The elbow muscle strength of baseball pitchers could play a bigger role in injury risk and prevention than previously thought, according to biomedical researchers at Northwestern University.
Their study, recently published in Annals of Biomedical Engineering, used a novel computer model similar to that used to study upper limb control in prosthetic devices. The researchers reproduced pitching motion recorded from a high school player to explore how individual muscles affect ulnar collateral ligament loading (UCL), and how changes in muscle output can either relieve or exacerbate that load.
“Our simulations illustrate that if the muscles were doing nothing, then the bones that make up the elbow joint could have been pulled apart during that single pitch,” Wendy M. Murray, associate professor of biomedical mitering at Northwestern’s McCormick School of Engineering and Applied Science and co-author of the study, stated in a press release. “In contrast, we also were able to implement reasonable assumptions about muscle performance that showed how the very same pitch could result in no load on the UCL at all.”
Findings also showed that the medial elbow muscles generated substantial, protective varus elbow moments during simulation. The triceps generated large varus moments at the time of peak valgus loading. Varus moments generated by the flexor digitorum superficialis were larger, but occurred later in the motion, the researchers found.

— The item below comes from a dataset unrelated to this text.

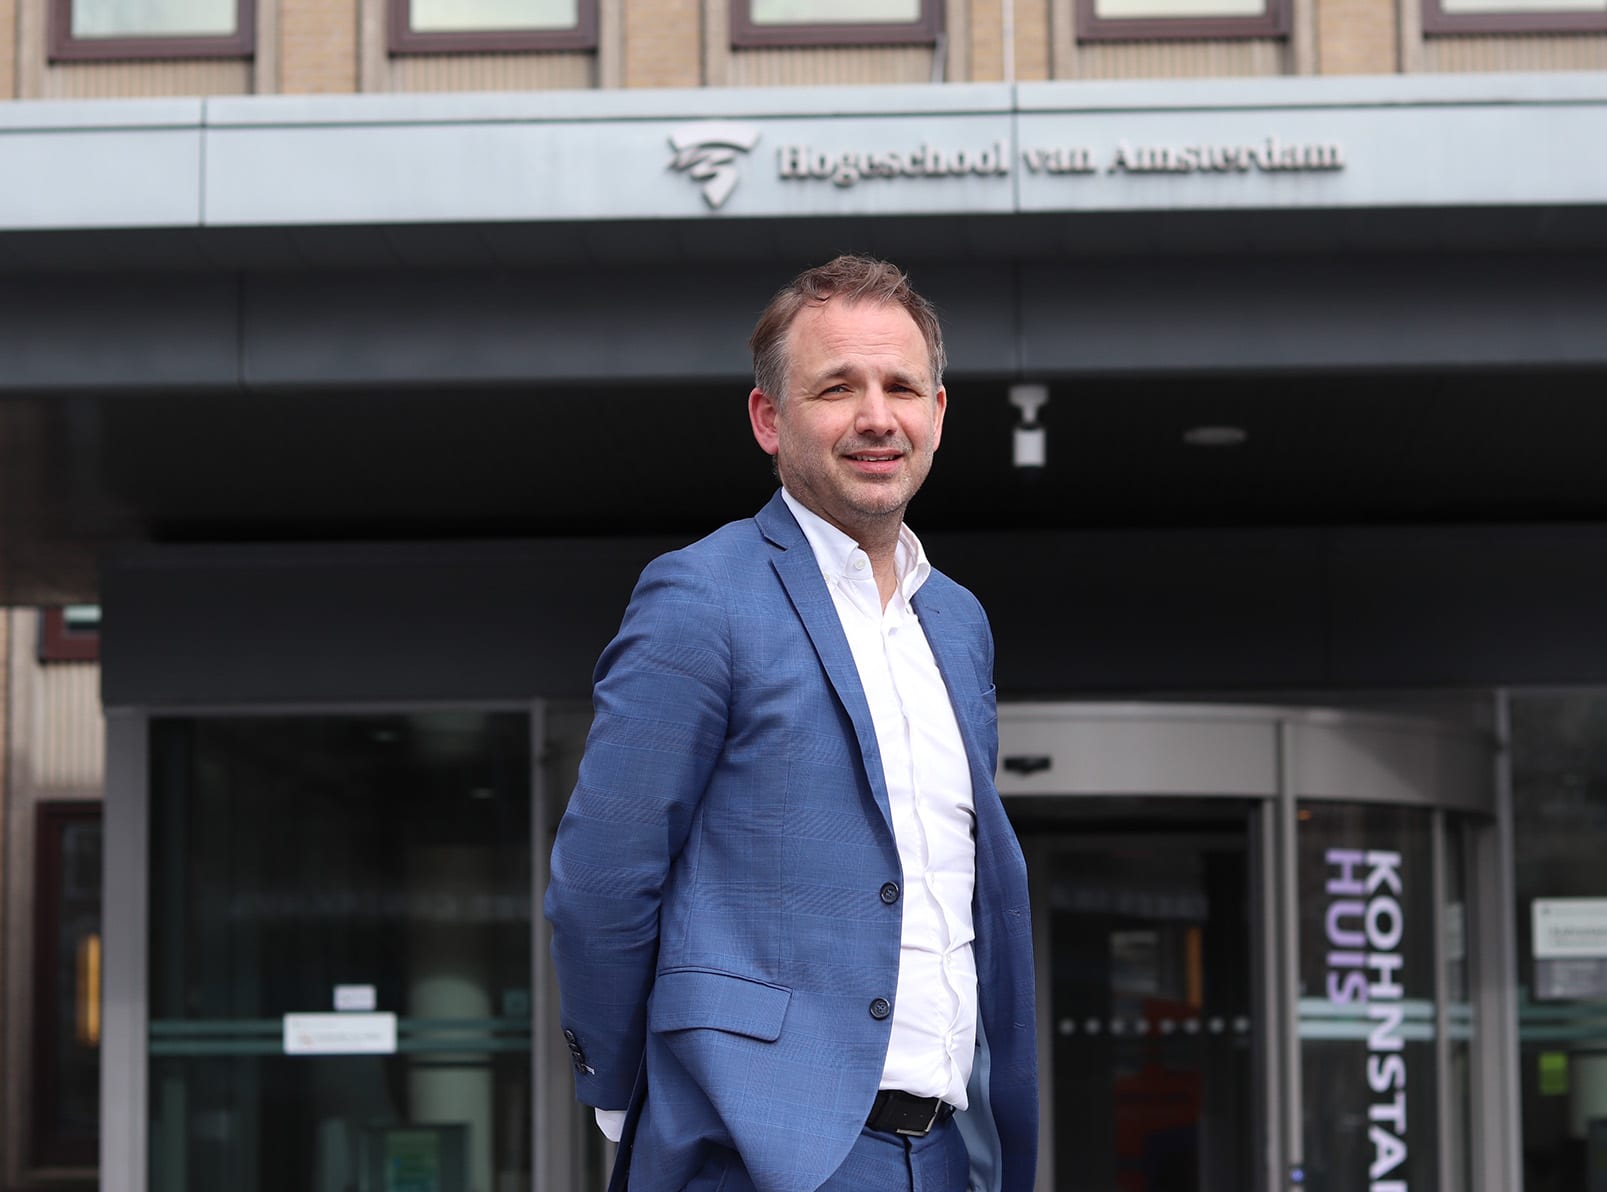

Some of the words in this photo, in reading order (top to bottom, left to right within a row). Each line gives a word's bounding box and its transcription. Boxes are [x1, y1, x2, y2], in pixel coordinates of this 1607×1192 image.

Additionally, increasing muscle-tendon force output, either by augmenting strength parameters or activation levels, decreased the load on the UCL. Researchers stated the data could enable targeted training of specific muscles and more accurate assessments of UCL vulnerability, potentially reducing the number of elbow injuries in the future.
Reference:
Buffi JH, et al. Ann Biomed Eng. 2015;doi:10.1007/s10439-014-1144-z.